**YOUR OBJECTIVE**. Below is a block of records; return all of them exactly, but without the images.

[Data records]
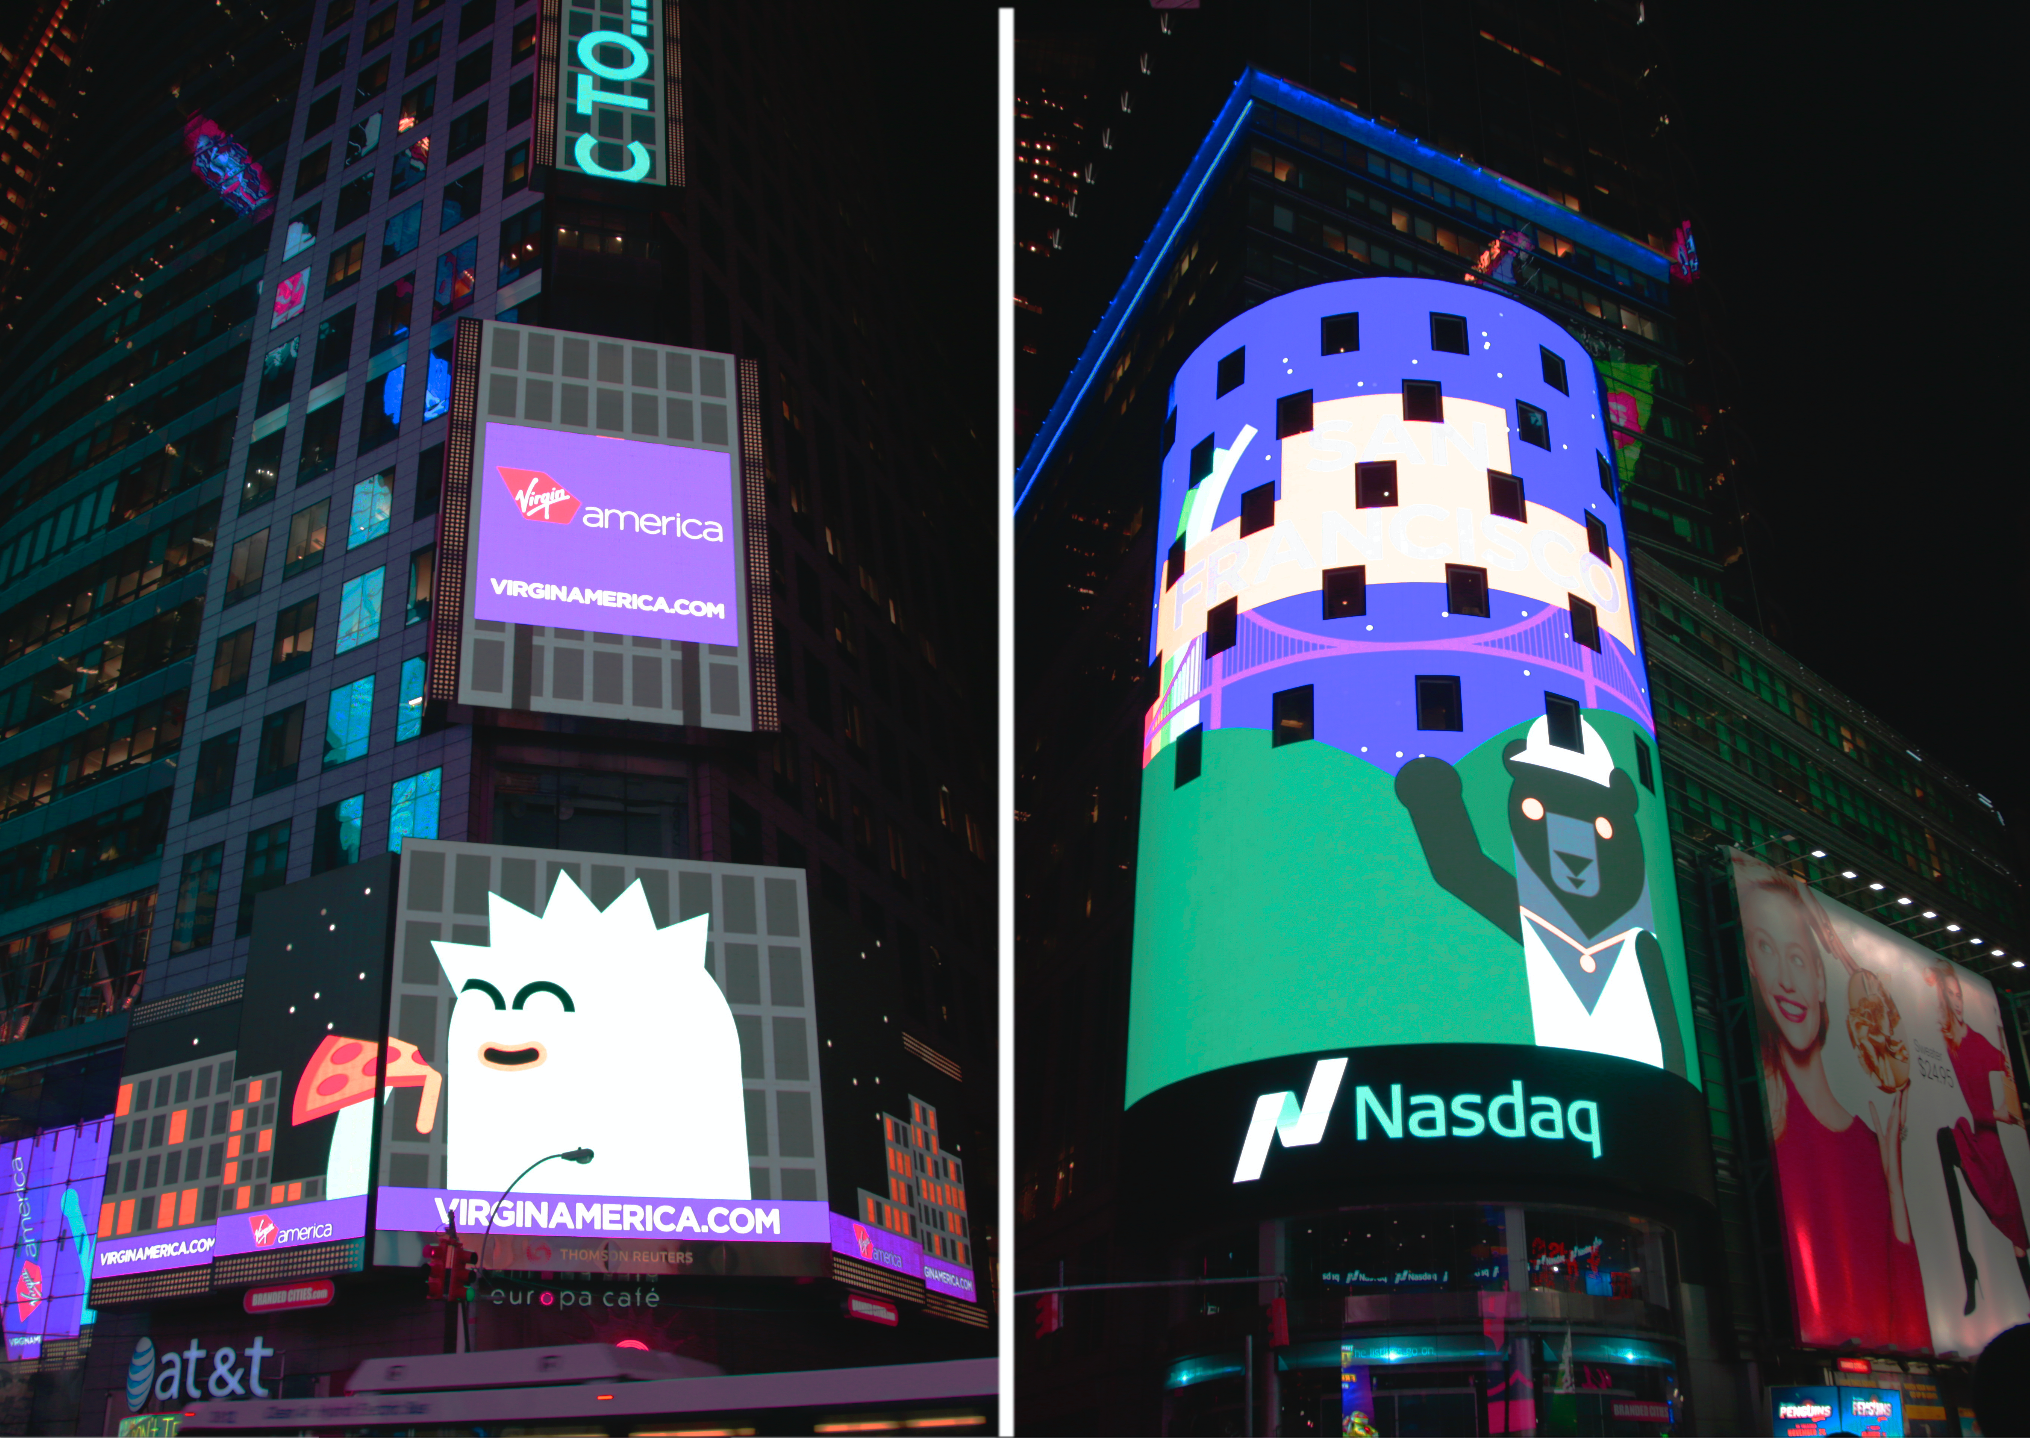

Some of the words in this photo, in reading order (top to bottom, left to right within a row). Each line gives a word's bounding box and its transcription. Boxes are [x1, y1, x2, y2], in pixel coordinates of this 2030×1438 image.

[1307, 413, 1490, 472] SAN
[514, 477, 570, 520] Virgin
[582, 506, 724, 543] america
[1173, 503, 1622, 631] FRANCISCO
[490, 577, 725, 620] VIRGINAMERICA.COM
[1913, 1038, 1943, 1061] Sweater
[1917, 1056, 1955, 1088] $24.95
[1355, 1079, 1603, 1159] Nasdaq
[12, 1156, 38, 1258] america
[433, 1197, 781, 1236] VIRGINAMERICA.COM
[277, 1222, 333, 1244] america
[100, 1237, 216, 1266] VIRGINAMERICA.COM
[560, 1248, 628, 1263] THOMSON
[632, 1250, 694, 1264] REUTERS
[873, 1247, 903, 1268] america
[252, 1290, 287, 1307] BRANDED
[288, 1287, 329, 1302] CITIES.com
[489, 1288, 593, 1311] europa
[602, 1286, 660, 1308] café
[154, 1336, 274, 1402] at&t
[1613, 1403, 1649, 1417] BRANDED
[1779, 1404, 1833, 1419] PENGUINS
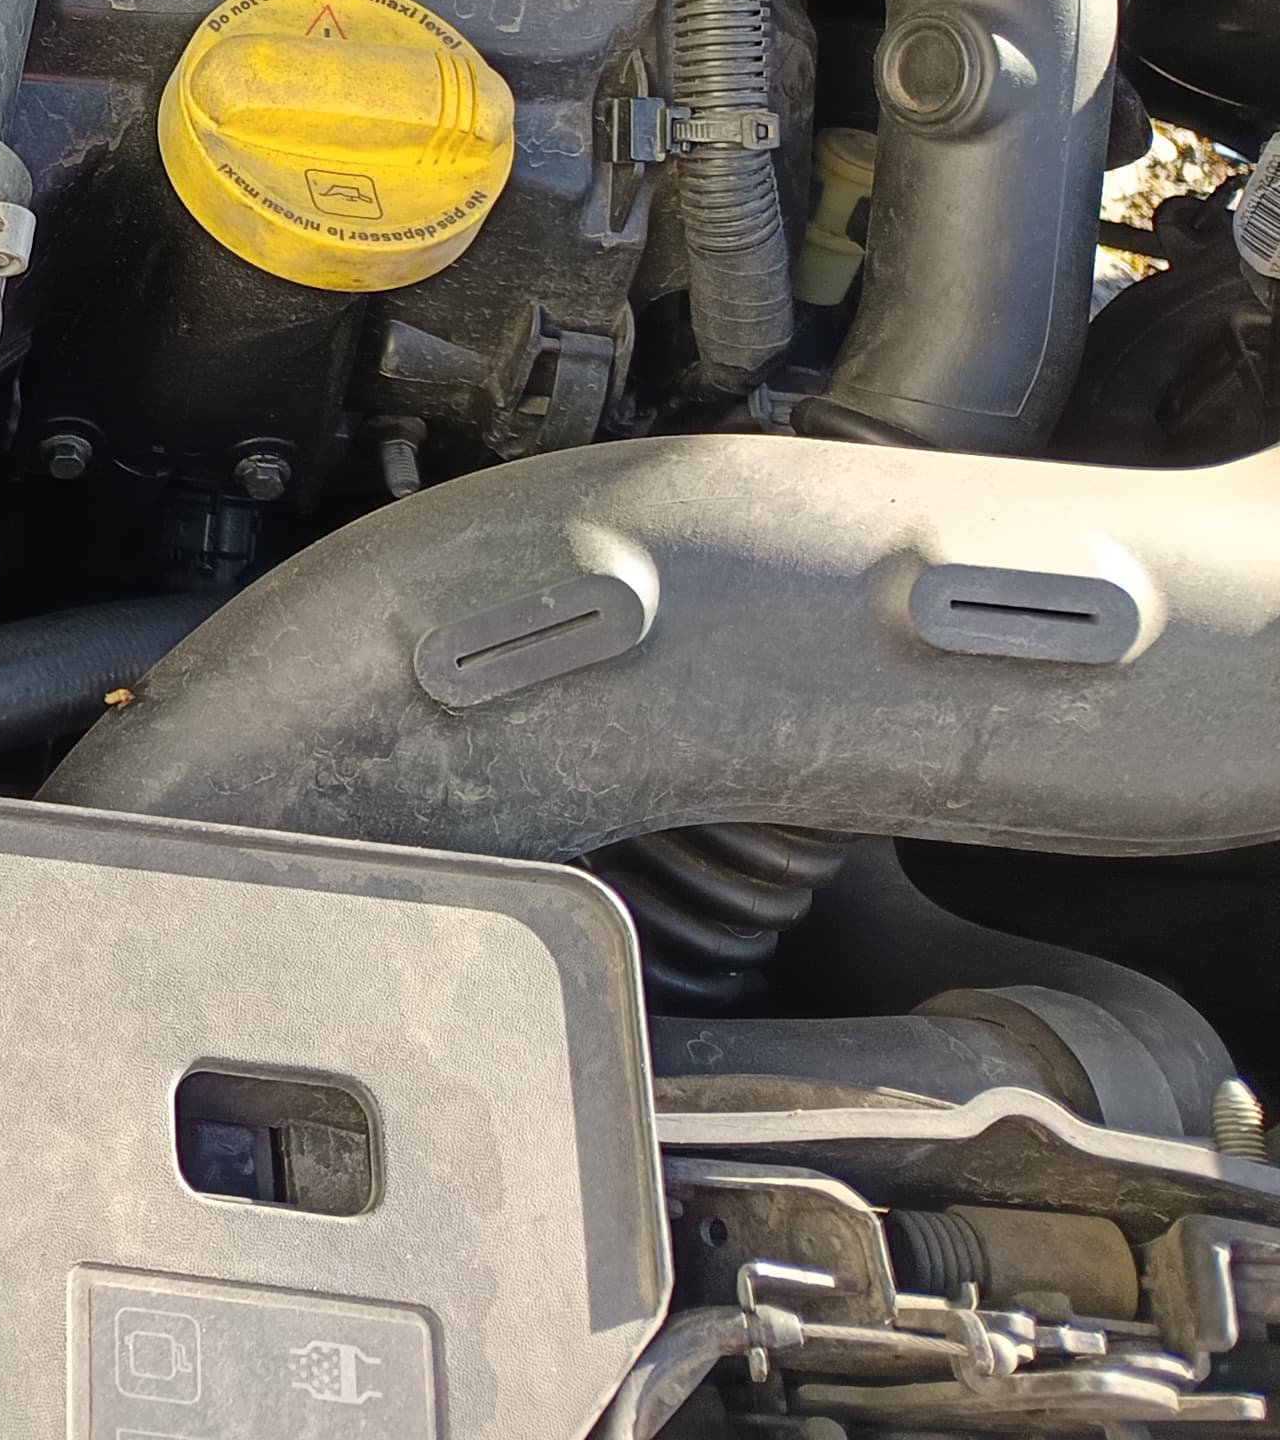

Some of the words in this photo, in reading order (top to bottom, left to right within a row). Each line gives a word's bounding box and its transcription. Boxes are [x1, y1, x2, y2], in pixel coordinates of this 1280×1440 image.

**TASK ANSWER**.
Some of the words in this photo, in reading order (top to bottom, left to right within a row). Each line gives a word's bounding box and its transcription. Boxes are [x1, y1, x2, y2], in pixel coordinates of this 2030×1438 image.

[1307, 413, 1490, 472] SAN
[514, 477, 570, 520] Virgin
[582, 506, 724, 543] america
[1173, 503, 1622, 631] FRANCISCO
[490, 577, 725, 620] VIRGINAMERICA.COM
[1913, 1038, 1943, 1061] Sweater
[1917, 1056, 1955, 1088] $24.95
[1355, 1079, 1603, 1159] Nasdaq
[12, 1156, 38, 1258] america
[433, 1197, 781, 1236] VIRGINAMERICA.COM
[277, 1222, 333, 1244] america
[100, 1237, 216, 1266] VIRGINAMERICA.COM
[560, 1248, 628, 1263] THOMSON
[632, 1250, 694, 1264] REUTERS
[873, 1247, 903, 1268] america
[252, 1290, 287, 1307] BRANDED
[288, 1287, 329, 1302] CITIES.com
[489, 1288, 593, 1311] europa
[602, 1286, 660, 1308] café
[154, 1336, 274, 1402] at&t
[1613, 1403, 1649, 1417] BRANDED
[1779, 1404, 1833, 1419] PENGUINS

Some of the words in this photo, in reading order (top to bottom, left to right within a row). Each line gives a word's bounding box and its transcription. Boxes are [x1, y1, x2, y2], in pixel coordinates of this 1280×1440 image.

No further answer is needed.